The results of this study underscore the potent acaricidal efficacy of carvacrol and thymol against H. longicornis across different developmental stages. The immersion assay demonstrated that both compounds exhibited significantly lower LC50 and LC90 values compared to synthetic acaricides, diethyltoluamide and permethrin, indicating their potential as effective natural alternatives. Among the two, carvacrol exhibited superior acaricidal potency, with efficacy approximately 4.4-, 3.5-, and 3.2-fold greater than diethyltoluamide against larvae, nymphs, and adults, respectively. This trend was also evident in the LC90 values, where carvacrol outperformed diethyltoluamide by 5.2-, 3.7-, and 3.3-fold, further confirming its strong toxic effects on H. longicornis. These findings align with previous research suggesting that monoterpenoid phenols, particularly carvacrol and thymol, disrupt the nervous system of arthropods by modulating neuroreceptor functions and interfering with enzyme activity [8,11]. Carvacrol, a major constituent of O. vulgare oil, is known for its ability to induce oxidative stress and disrupt ion transport across cell membranes, leading to paralysis and mortality in the target organisms [9]. This mechanism likely contributes to its heightened acaricidal efficacy against H. longicornis.

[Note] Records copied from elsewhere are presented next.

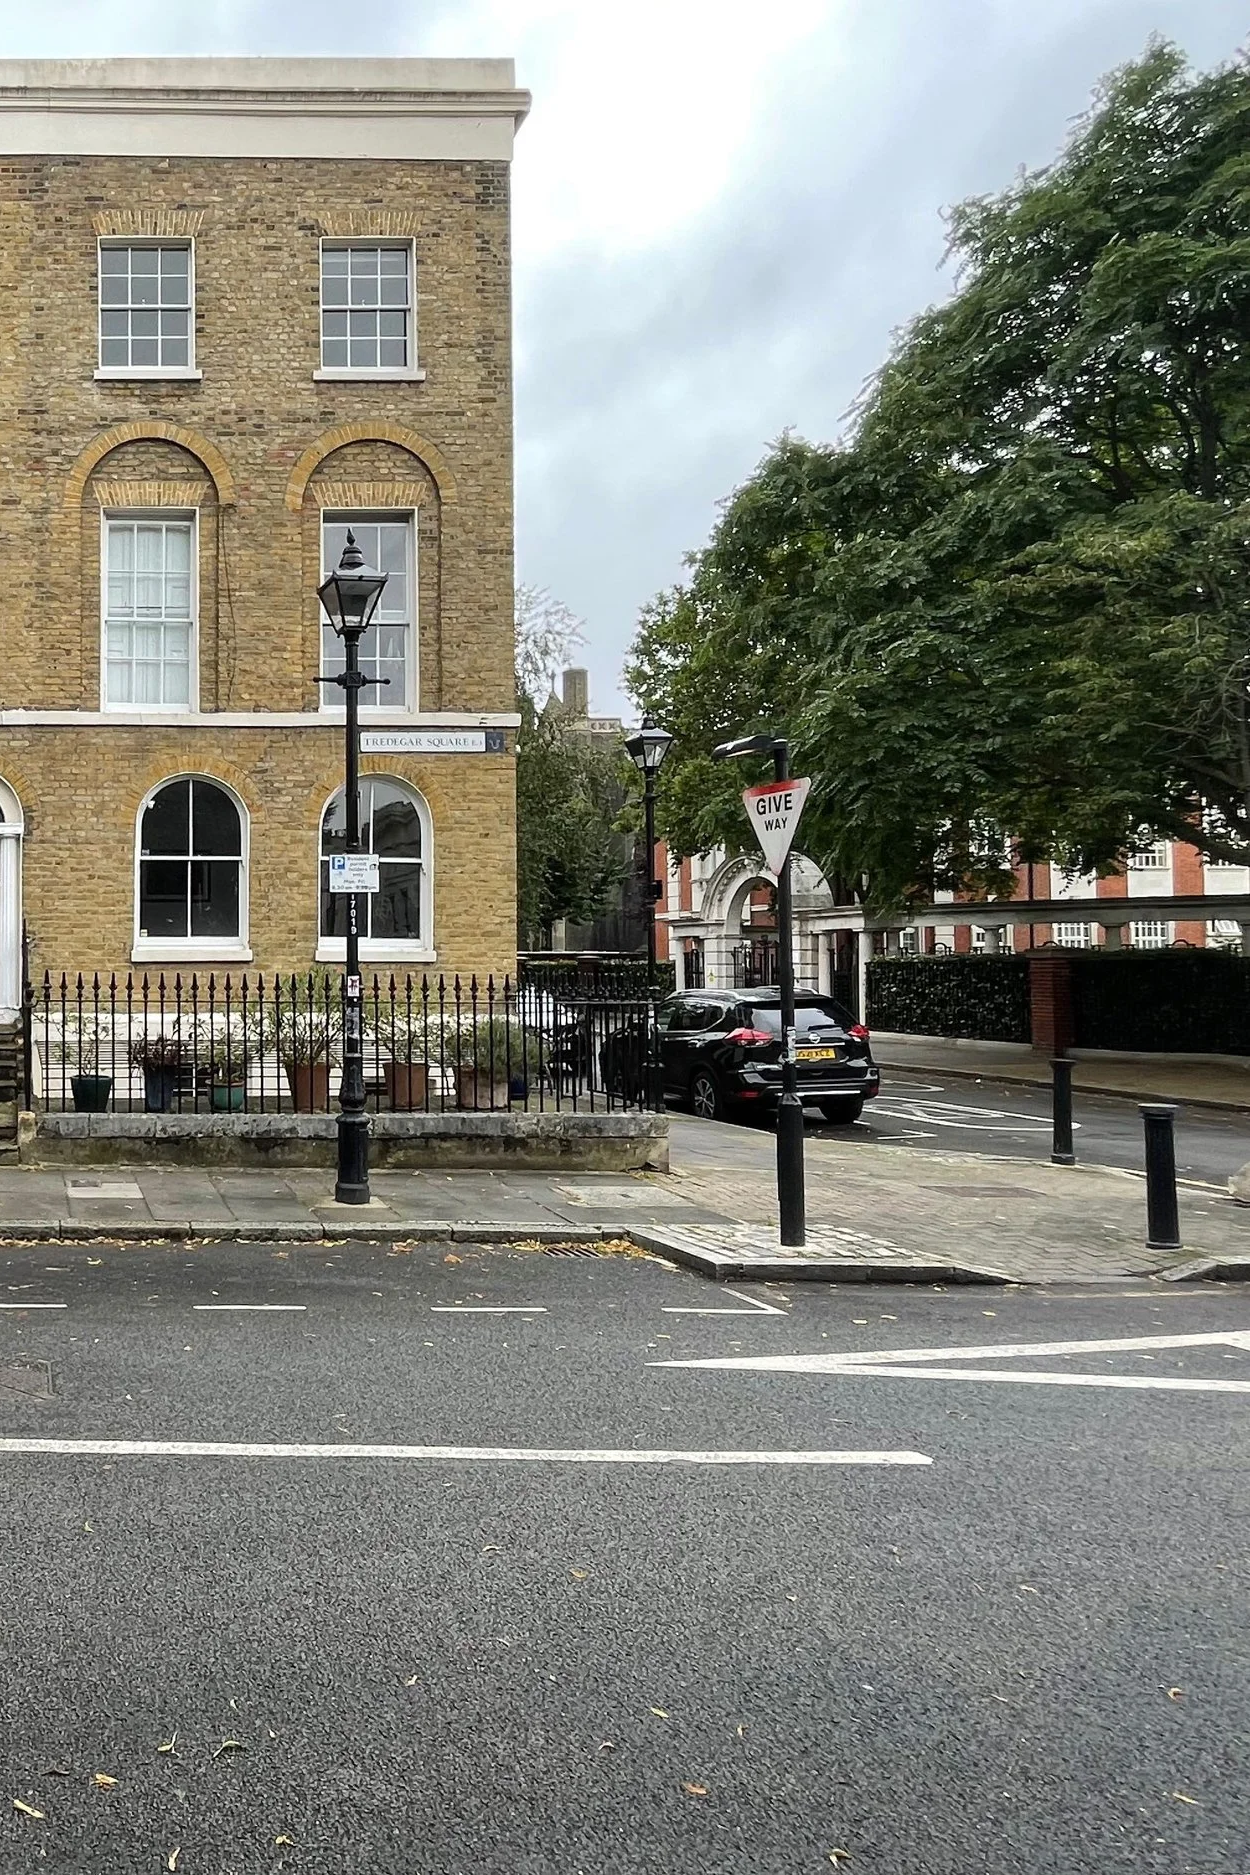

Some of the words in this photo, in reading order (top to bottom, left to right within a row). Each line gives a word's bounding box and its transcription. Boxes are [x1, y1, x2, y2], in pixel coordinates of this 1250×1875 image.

[365, 737, 423, 746] TREDEGAR
[427, 737, 469, 747] SQUARE
[756, 793, 793, 815] GIVE
[764, 817, 788, 831] WAY
[334, 857, 344, 869] P
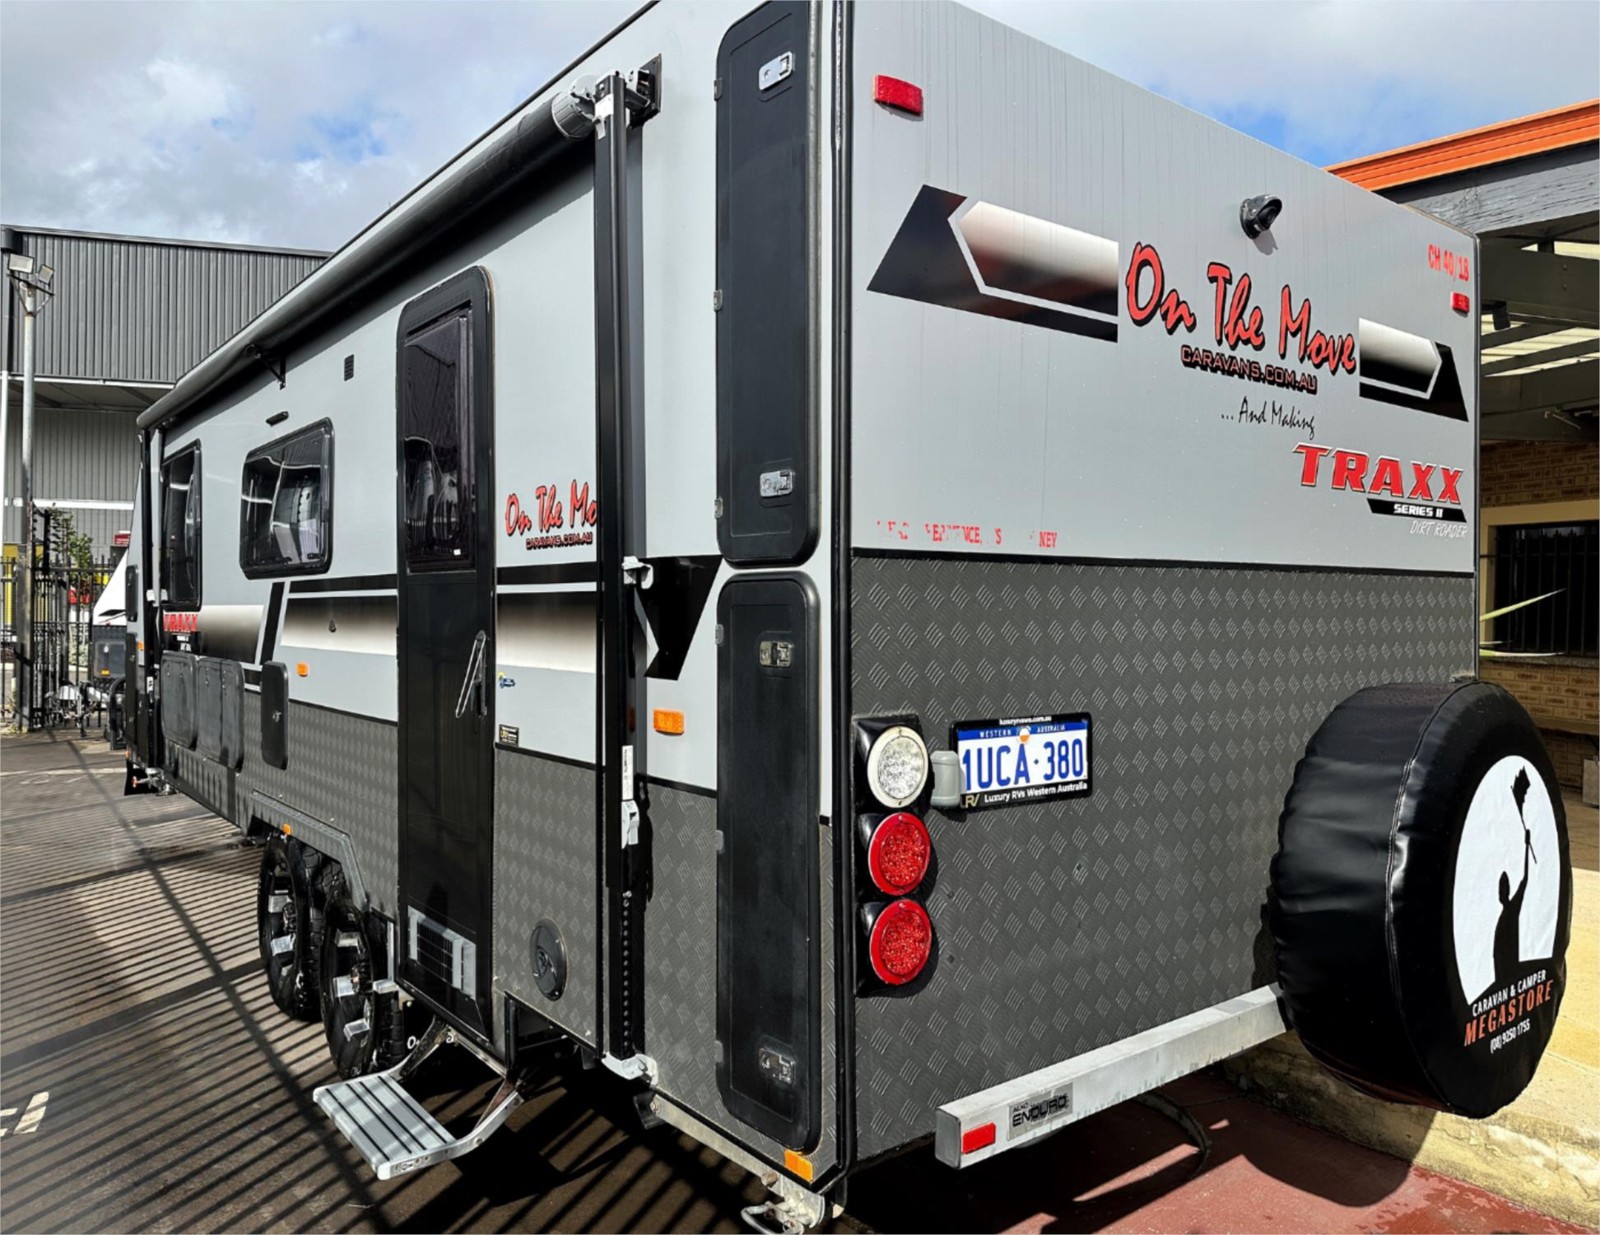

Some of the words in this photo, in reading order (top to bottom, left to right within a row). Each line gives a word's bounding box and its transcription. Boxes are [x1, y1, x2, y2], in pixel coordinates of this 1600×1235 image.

Interestingly, while thymol also demonstrated significant toxicity, it was consistently less effective than carvacrol. This difference in efficacy may be attributed to subtle structural variations between the two compounds that influence their interactions with mite neuroreceptors and metabolic pathways. Prior studies have suggested that while both thymol and carvacrol exert neurotoxic effects, carvacrol’s hydroxylation pattern enhances its binding affinity to insect and arachnid ion channels, resulting in stronger acaricidal activity [12,13]. A particularly important observation from this study is that carvacrol and thymol exhibited higher efficacy than permethrin, a widely used synthetic pyrethroid. Given the rising incidence of mite resistance to synthetic acaricides, these natural compounds present a promising alternative for mite control. Moreover, essential oil-derived acaricides are considered more environmentally friendly and pose a lower risk of toxicity to non-target organisms, making them attractive candidates for integrated pest management strategies [14,15].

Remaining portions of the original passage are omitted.